To be clear: Zack Greinke has not announced his retirement. But there are plenty of rumors, particularly after he left the game and asked for the baseball on Tuesday, perhaps thinking he had earned the 225th win of his terrific career. (The Royals bullpen had other plans.) With the injury issues he has had this year, not to mention the highest ERA of his career, that start could very well be the last of his career.

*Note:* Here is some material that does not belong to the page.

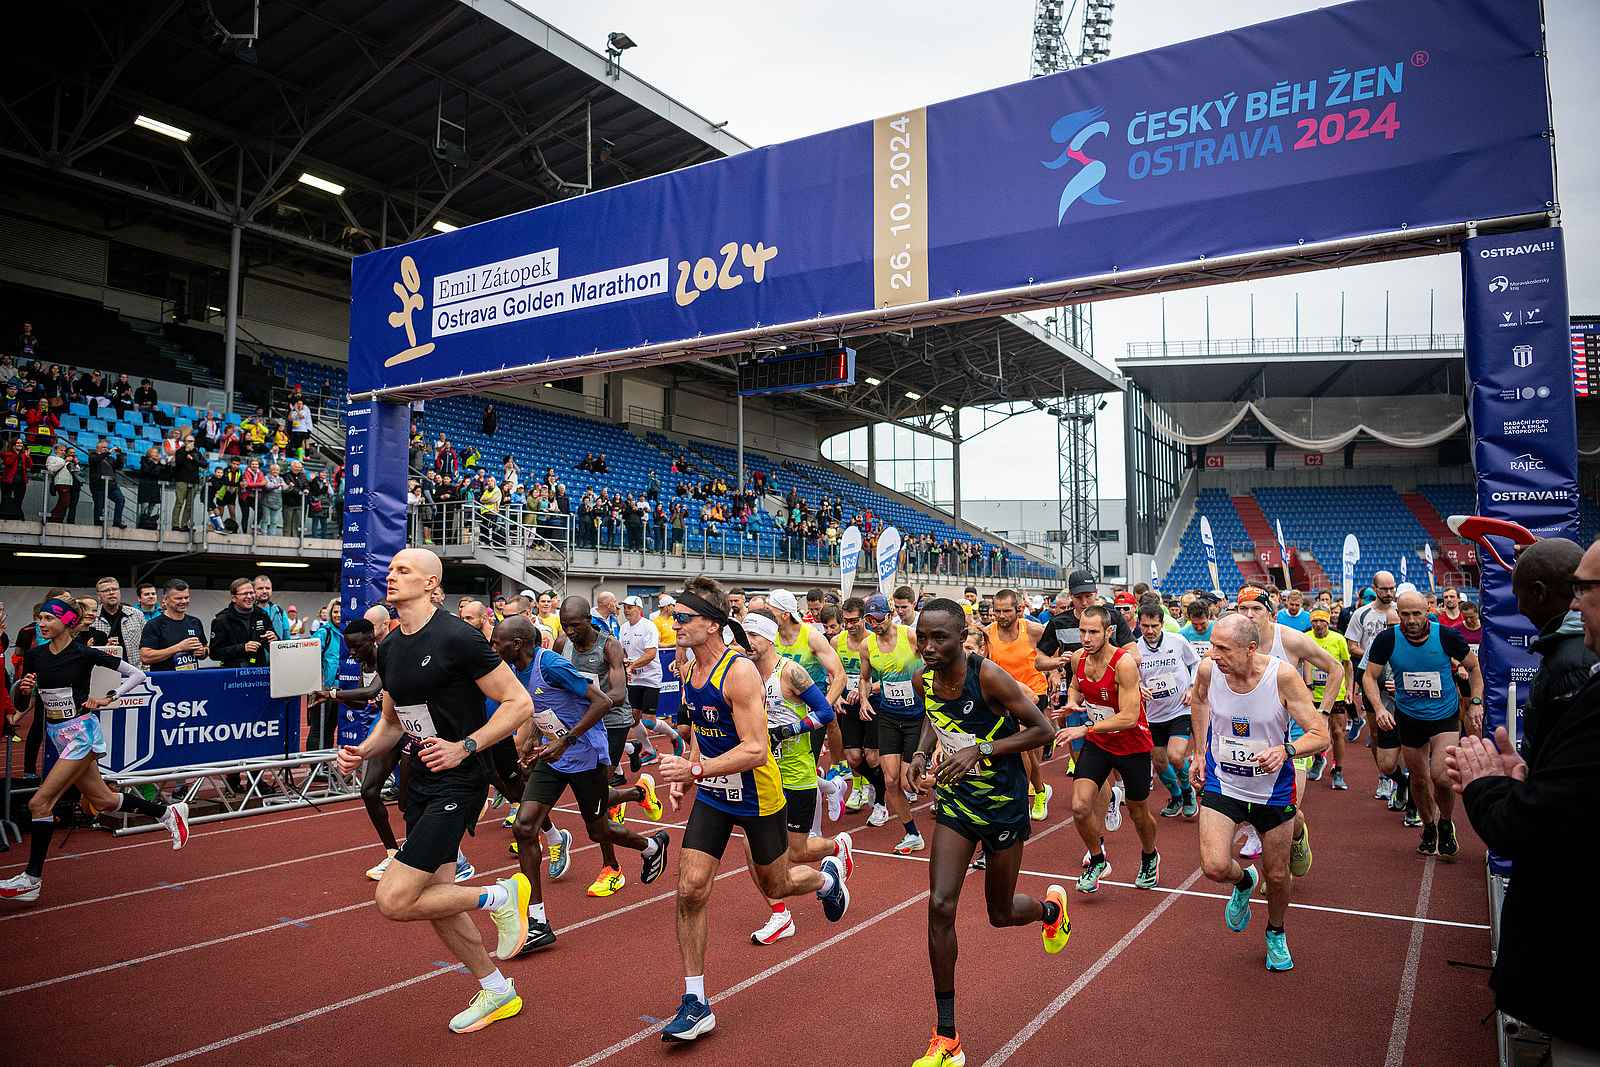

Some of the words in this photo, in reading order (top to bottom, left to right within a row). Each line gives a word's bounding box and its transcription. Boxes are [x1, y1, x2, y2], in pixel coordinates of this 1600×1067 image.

And what a career it has been! Greinke has always been a quixotic character -- this story from The Athletic about old teammates telling hilarious, fascinating Greinke stories is a must-read -- but that oddness, and his quirky personality, have sort of distracted from just how incredible Greinke was. He won a Cy Young with the Royals way back in 2009, but his best seasons may have been with the Dodgers, including a year he went 19-3 with a 1.66 ERA. He was never a big strikeout pitcher, though more of one than Greg Maddux (with whom he shared some similarities), and he was remarkably consistent and healthy: His 540 starts since his debut in 2004 are the most by far of anyone during that time; only Justin Verlander is within 75 of him. Somehow, despite playing in the postseason for four different teams, including the Dodgers and Astros during some of their best seasons, he never won a World Series. But Greinke always felt a little bit removed, even floating above baseball -- a personality like no other, like he was someone beamed here to play baseball and will now be beamed back to his home planet.

Like Greinke, Votto has not announced his retirement, and there is a decent chance he plays again next year. But just in case …

Votto used to be baseball’s most anonymous superstar. I know that’s impossible to believe now that he has become a social media savant, but I swear it’s true. Votto for a while was a flashpoint in the debate about analytics, mostly because so much of his value was tied up in his batting eye and ability to take a walk; there were actual broadcaster debates sometimes about whether or not he was swinging often enough at terrible pitches with runners on base. Votto ended up outlasting all the doubters, partly by being ahead of his time; it just took us all a while to catch up with him.

He led the National League in on-base percentage a whopping seven times, and has reached base safely more times in his career than Vladimir Guerrero Sr., a one-time peer and recent Hall of Fame inductee. Votto could also hit for power, including smacking 36 homers just two years ago. He was somewhat lost in Cincinnati, a team that didn’t have much success during his career there, but that’s hardly his fault; he has only made four postseason series in Cincy (though that could change this year), and has yet to win one.

Votto has a club option for 2024 worth $20 million that most likely will not be picked up, though there is a chance he re-signs with Cincy (or perhaps elsewhere) on a more modest deal. Regardless, the 10-year, $225 million contract he signed with the Reds back in 2012 should be remembered as a mutually beneficial pact for the Reds and Votto. He has evolved into a huge personality, and his status as the friendliest, most likable, funniest player in baseball is well-deserved, as is his place as a Cincinnati icon. This is also a guy who is going to have a terrific Hall of Fame case. Whenever he decides to make it.